またかといった顔で視線を逸らす側近を横目で確認してから、快斗は赤い顔をして睨んでいる青子の耳元に
唇を寄せた。
『んなに怒るなって。』
『快斗が悪いんでしょっ!』
誰にも聞こえないように密やかに言葉を交わす。
それでも、全てをおじゃんにしてしまいそうだった事を悪いと思っているのか、自分の腕の中から逃げ出そうと
しない青子に、快斗はくすりと小さな笑みを漏らした。
『おめぇには悪ぃと思ってるけど、全部演技だからさ。ちょっと我慢してくれよな。』
『・・・うん。』
分かりきった事だったけれど、改めて快斗の口から告げられると青子の心は痛んだ。
(この国の為だけなんだよね・・・。)
別に快斗は青子自身に興味がある訳じゃない。
全ては彼の目的の為で、青子としてもそれで良いと思っていたはずなのに。
演技を続ける快斗に合わせてじゃれ合う振りをしながら、青子は顔を見られないように快斗の胸に
顔を押し付けた。
少し驚いたようだったけれど、包み込むように抱き締めてくれた優しい腕に何故か涙が零れそうになった。


胸に溢れる切なさの理由はもう知っていた。
思いがけない真実を知ったあの晩から、青子の心に芽生えてしまったのだ     .






夢は現の幻
〜夢の始まり・其の一〜






「・・ちらでございます。

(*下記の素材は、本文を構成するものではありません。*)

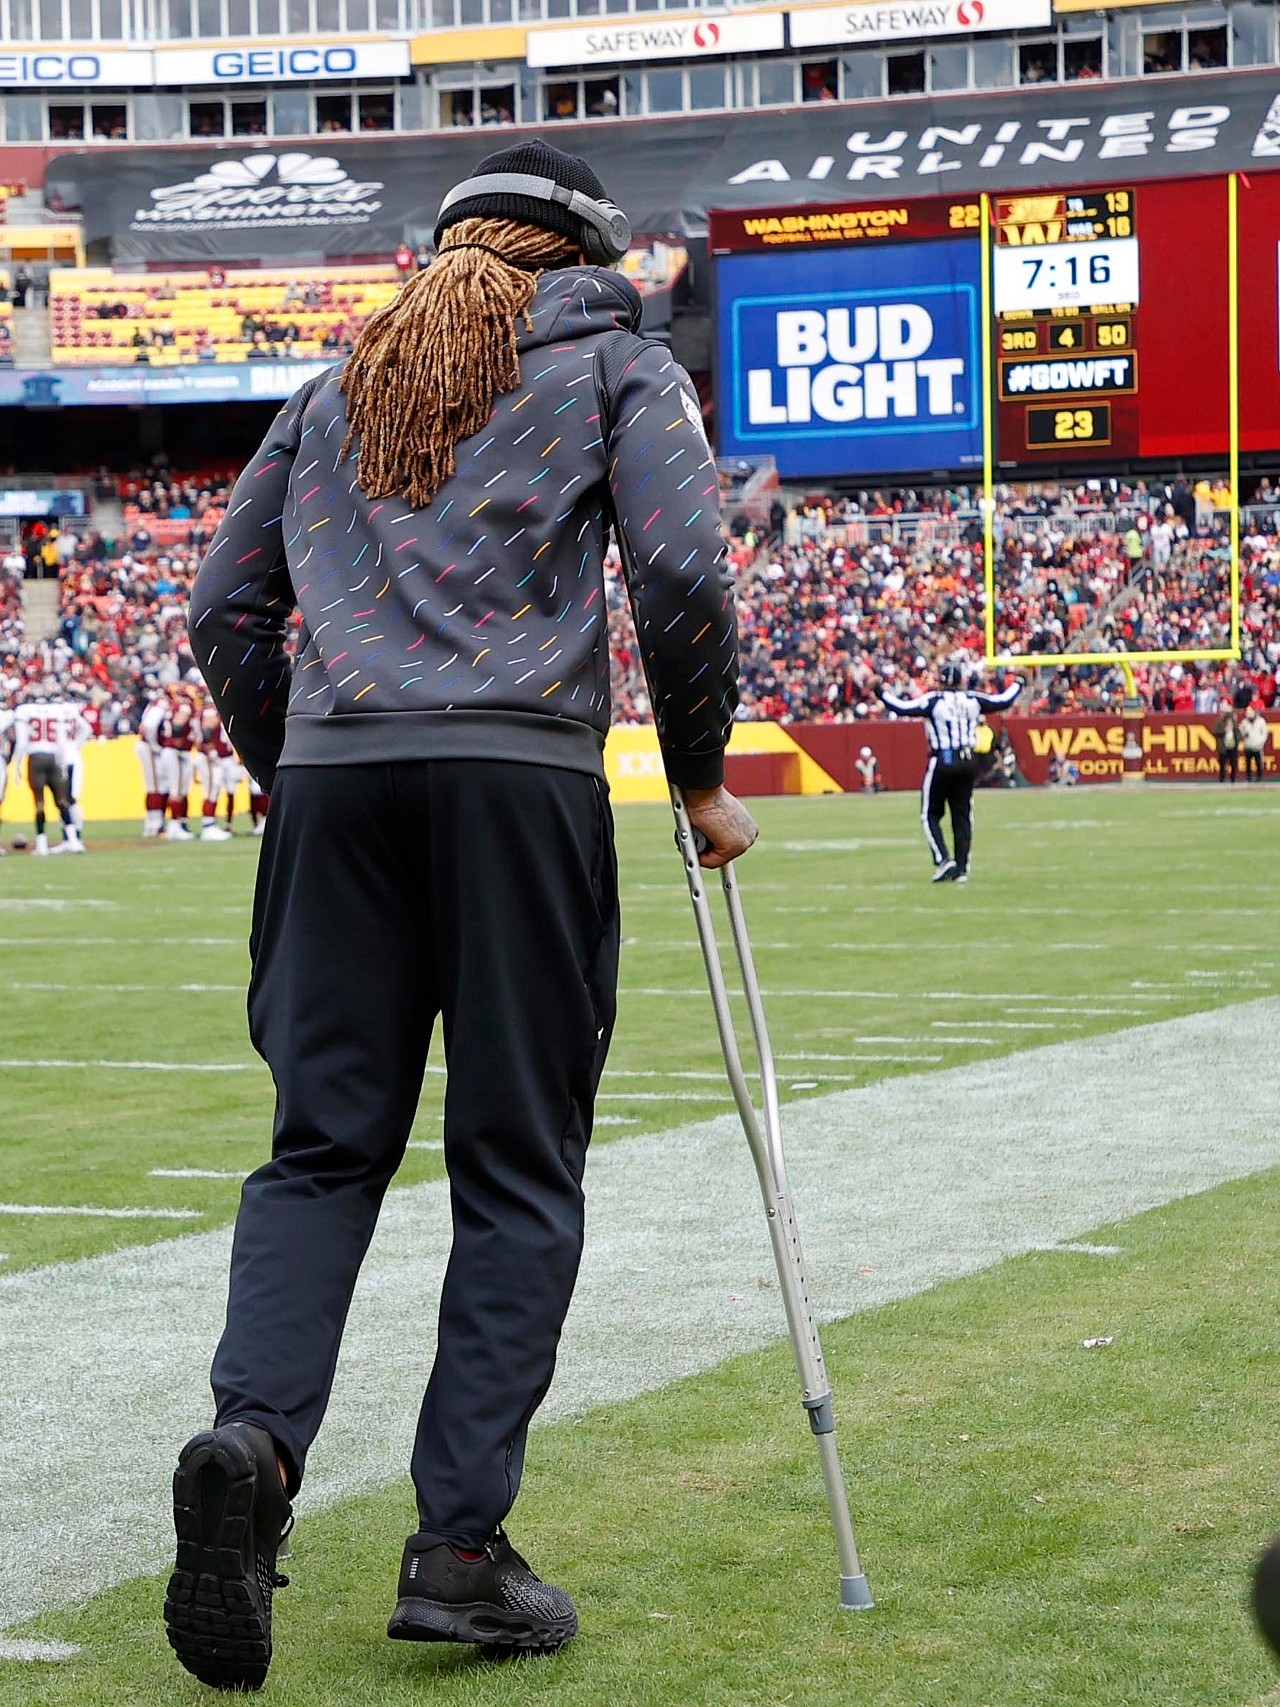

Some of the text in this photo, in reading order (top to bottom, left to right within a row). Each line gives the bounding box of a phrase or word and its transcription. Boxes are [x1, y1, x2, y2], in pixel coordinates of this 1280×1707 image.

[846, 5, 951, 34] SAFEWAY
[586, 27, 687, 55] SAFEWAY
[213, 47, 357, 77] GEICO
[846, 104, 1231, 155] UNITED
[726, 127, 1220, 186] AIRLINES
[1105, 191, 1129, 213] 13
[743, 208, 908, 236] WASHINGTON
[1022, 254, 1111, 290] 7:16
[776, 303, 934, 367] BUD
[1002, 331, 1037, 350] 3RD
[1058, 327, 1075, 348] 4
[1007, 358, 1129, 392] #GOWFT
[748, 357, 965, 425] LIGHT
[1054, 410, 1094, 439] 23
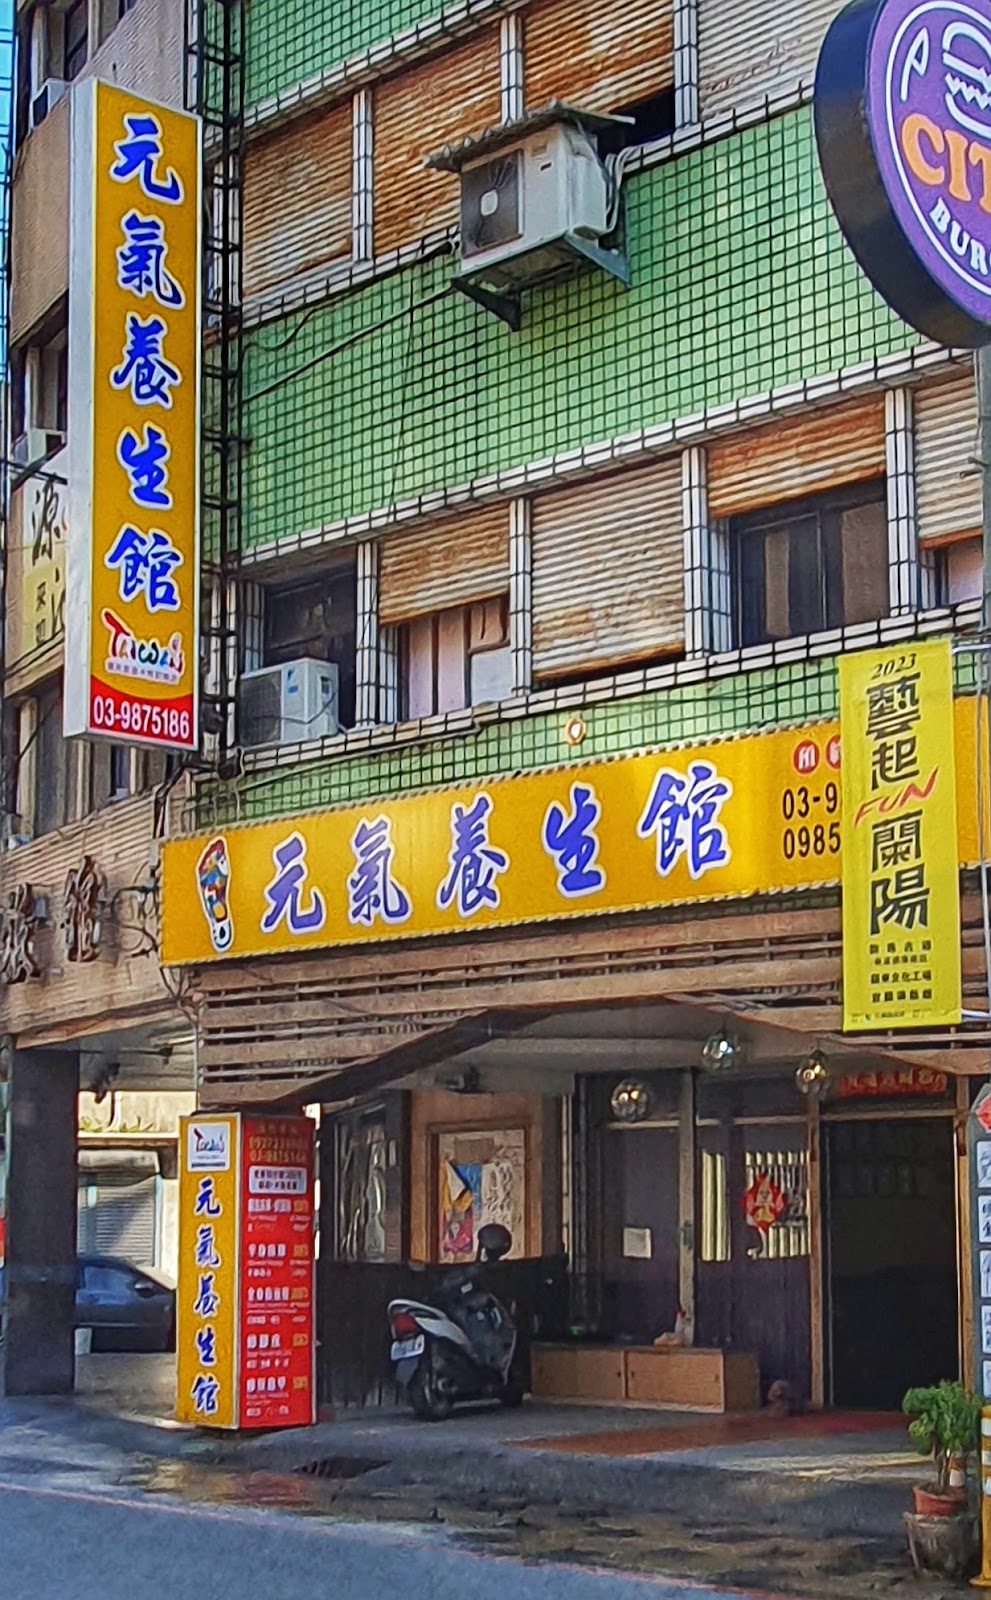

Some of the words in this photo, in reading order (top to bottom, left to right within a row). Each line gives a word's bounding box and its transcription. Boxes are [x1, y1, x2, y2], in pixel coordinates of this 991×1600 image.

[929, 197, 991, 275] BUR
[106, 114, 185, 611] 元氣養生館
[870, 652, 918, 680] 2023
[93, 694, 190, 740] 03-9875186
[853, 765, 939, 830] FUN
[260, 763, 732, 932] 元氣養生館
[193, 1176, 221, 1415] 元氣養生館

」
「へぇ、本当に連れて来てくれたんだ。」
「それはもう若様のお望みですから。」
頭上で若い男と中年の男が会話をしている。
聞いた事のない声を訝しく思いながら、青子はゆっくりと目を開けた。
「おっ、気がついたか?」
(・・・?)
気安く声をかけてきた若い男に、一瞬過ぎった既視感は掴めない霧のように青子の中をすり抜けていった。

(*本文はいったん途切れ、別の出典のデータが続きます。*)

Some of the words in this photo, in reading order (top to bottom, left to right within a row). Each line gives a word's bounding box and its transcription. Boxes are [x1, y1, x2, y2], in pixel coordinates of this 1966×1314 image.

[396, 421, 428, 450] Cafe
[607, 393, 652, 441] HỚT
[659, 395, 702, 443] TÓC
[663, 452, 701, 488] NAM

身体が重く、頭の奥から響くような鈍い痛みが消えない。
青子は身体を起こしながら、懸命にぼぉっと霞がかかったような頭を働かせた。
額を抑える手の動きに合わせて着物の袖が揺れた。
畳の上に直に寝かされていたせいか、身体の節々が痛む。
「ここは、どこ?」
かさつく唇から漏れた声は掠れていた。
青子は軽く咳払いをしながら辺りを見渡したが、行灯の明かりに照らされた部屋に見覚えはなかった。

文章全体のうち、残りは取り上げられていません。